**Directions for this task**
Whatever appears in the entries must be given again exactly.

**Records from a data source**
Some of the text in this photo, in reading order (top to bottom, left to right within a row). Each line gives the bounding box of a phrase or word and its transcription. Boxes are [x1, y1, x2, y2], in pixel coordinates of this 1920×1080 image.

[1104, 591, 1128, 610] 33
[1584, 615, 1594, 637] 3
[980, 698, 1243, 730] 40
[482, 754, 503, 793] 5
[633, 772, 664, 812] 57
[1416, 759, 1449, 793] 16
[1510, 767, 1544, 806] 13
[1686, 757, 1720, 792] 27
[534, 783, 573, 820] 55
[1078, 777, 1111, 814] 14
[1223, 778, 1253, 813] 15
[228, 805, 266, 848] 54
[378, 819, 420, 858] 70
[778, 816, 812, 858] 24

**Task answer**
Some of the text in this photo, in reading order (top to bottom, left to right within a row). Each line gives the bounding box of a phrase or word and its transcription. Boxes are [x1, y1, x2, y2], in pixel coordinates of this 1920×1080 image.

[1104, 591, 1128, 610] 33
[1584, 615, 1594, 637] 3
[980, 698, 1243, 730] 40
[482, 754, 503, 793] 5
[633, 772, 664, 812] 57
[1416, 759, 1449, 793] 16
[1510, 767, 1544, 806] 13
[1686, 757, 1720, 792] 27
[534, 783, 573, 820] 55
[1078, 777, 1111, 814] 14
[1223, 778, 1253, 813] 15
[228, 805, 266, 848] 54
[378, 819, 420, 858] 70
[778, 816, 812, 858] 24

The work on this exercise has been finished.